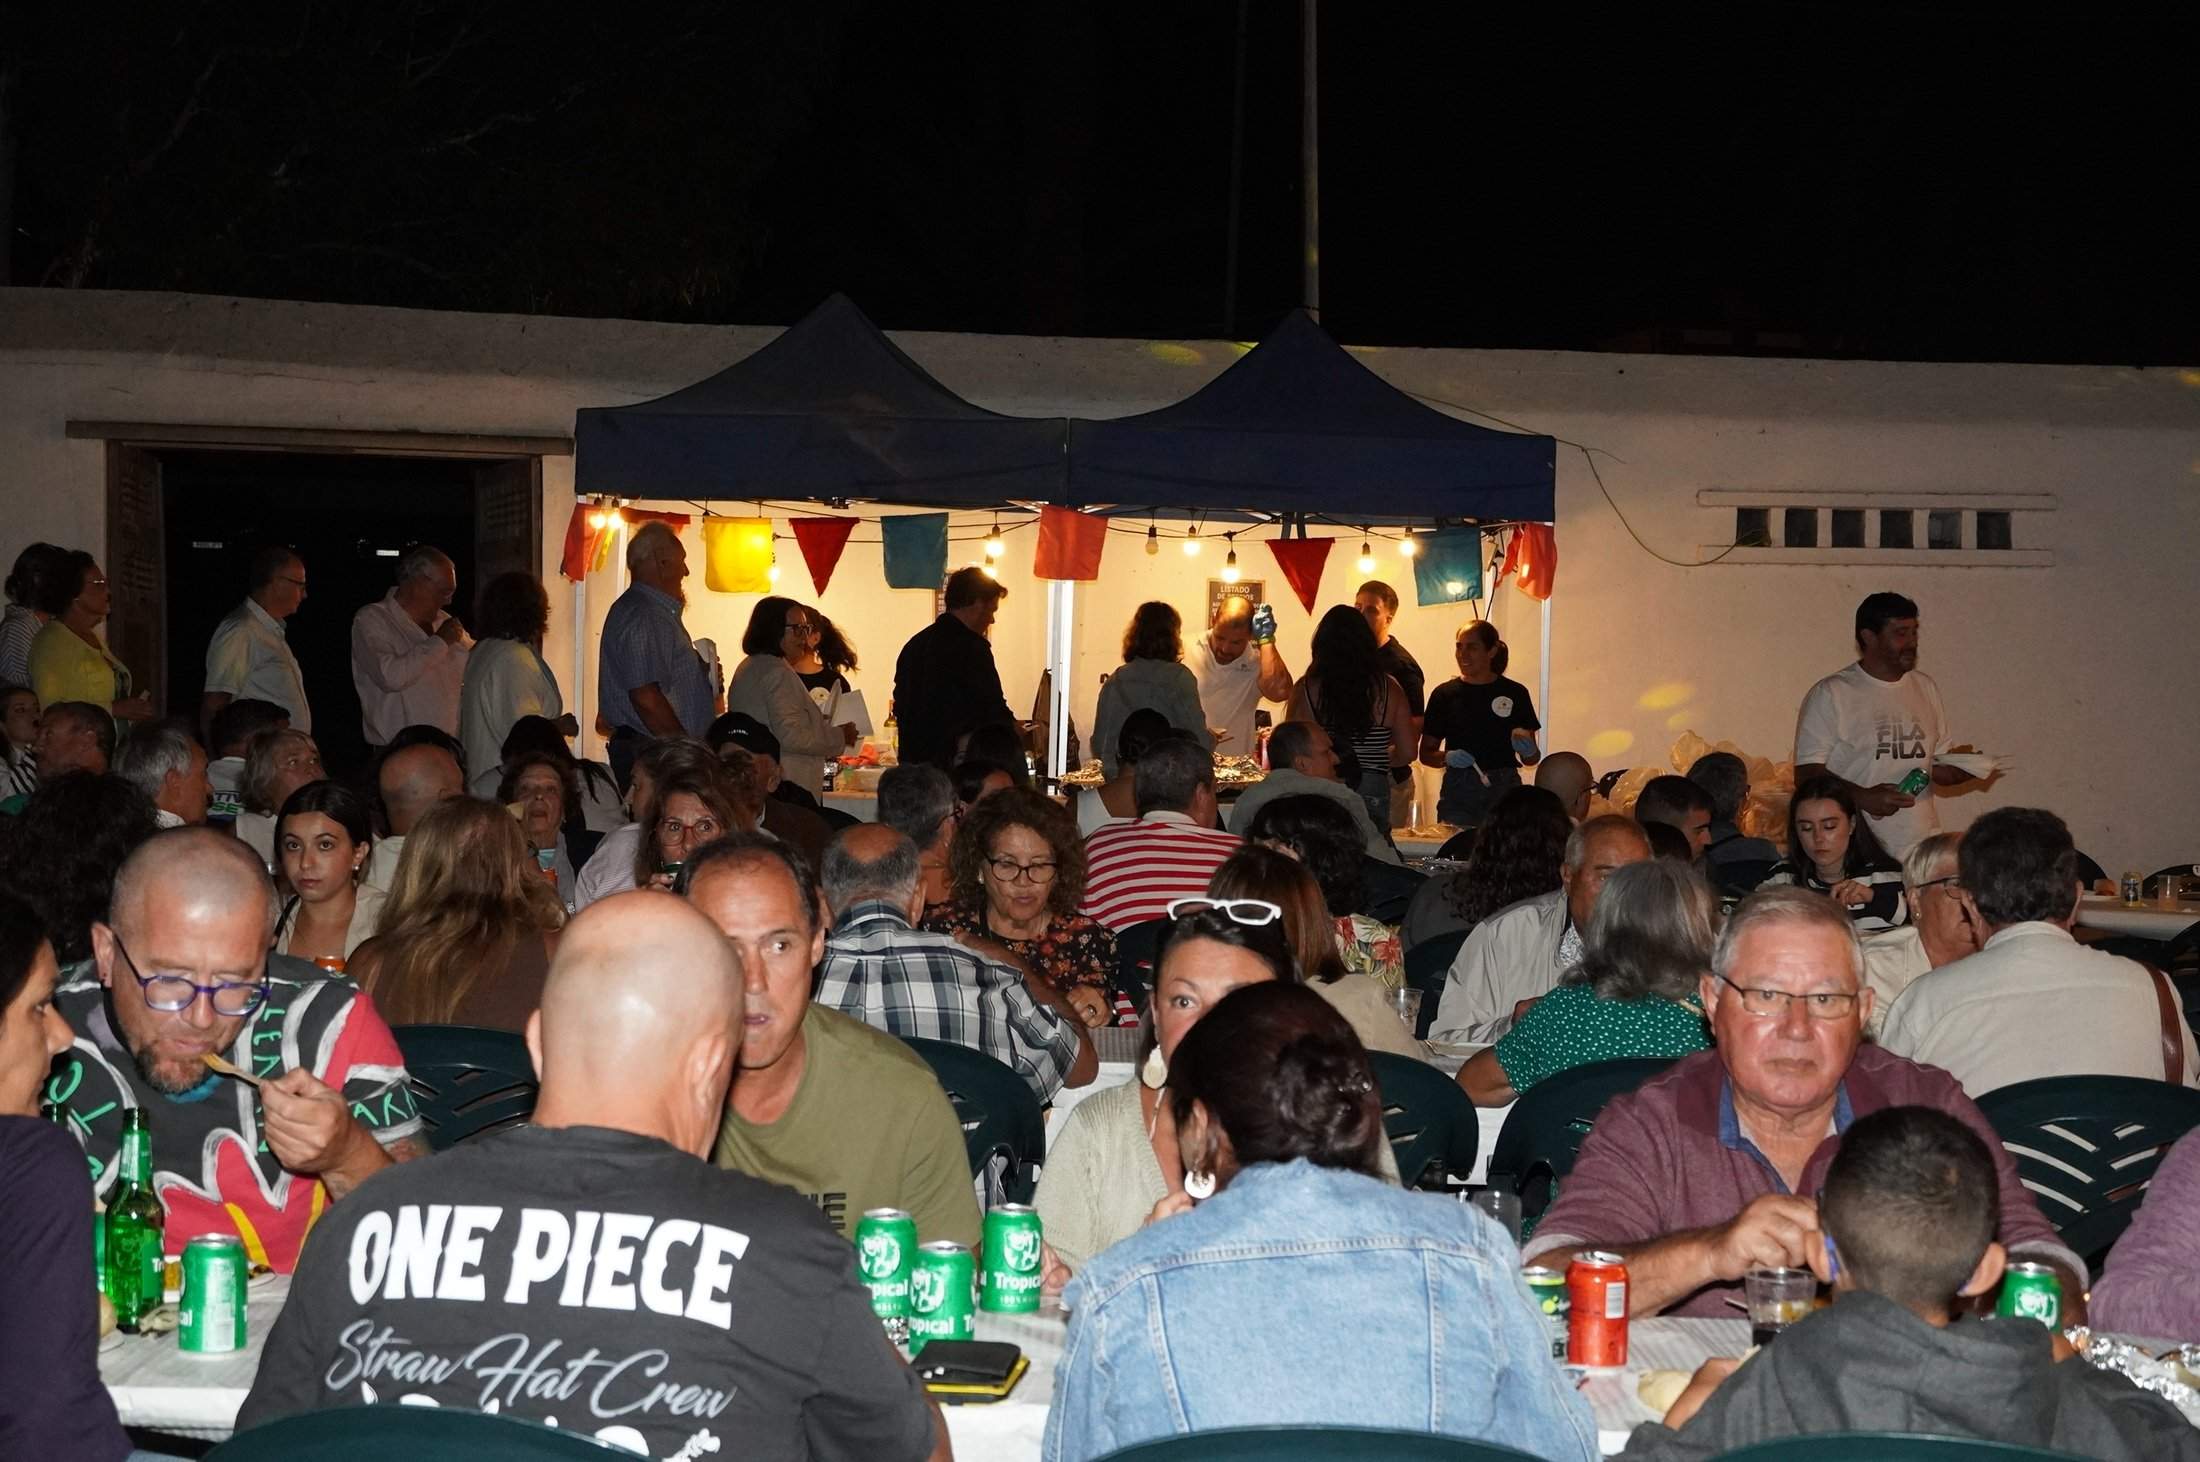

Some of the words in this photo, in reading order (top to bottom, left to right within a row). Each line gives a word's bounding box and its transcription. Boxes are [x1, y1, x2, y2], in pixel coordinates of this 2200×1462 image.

[1220, 585, 1250, 594] LISTADO
[1876, 741, 1926, 760] FILA
[348, 1204, 503, 1305] ONE
[503, 1207, 750, 1330] PIECE
[863, 1279, 908, 1300] pical
[325, 1318, 467, 1392] Straw
[464, 1332, 620, 1408] Hat
[588, 1348, 738, 1419] Crew
......
Above are the records; reproduce them exactly and leave out the pictures.

• [Answer to this exercise]:
Some of the words in this photo, in reading order (top to bottom, left to right within a row). Each line gives a word's bounding box and its transcription. Boxes are [x1, y1, x2, y2], in pixel coordinates of this 2200×1462 image.

[1220, 585, 1250, 594] LISTADO
[1876, 741, 1926, 760] FILA
[348, 1204, 503, 1305] ONE
[503, 1207, 750, 1330] PIECE
[863, 1279, 908, 1300] pical
[325, 1318, 467, 1392] Straw
[464, 1332, 620, 1408] Hat
[588, 1348, 738, 1419] Crew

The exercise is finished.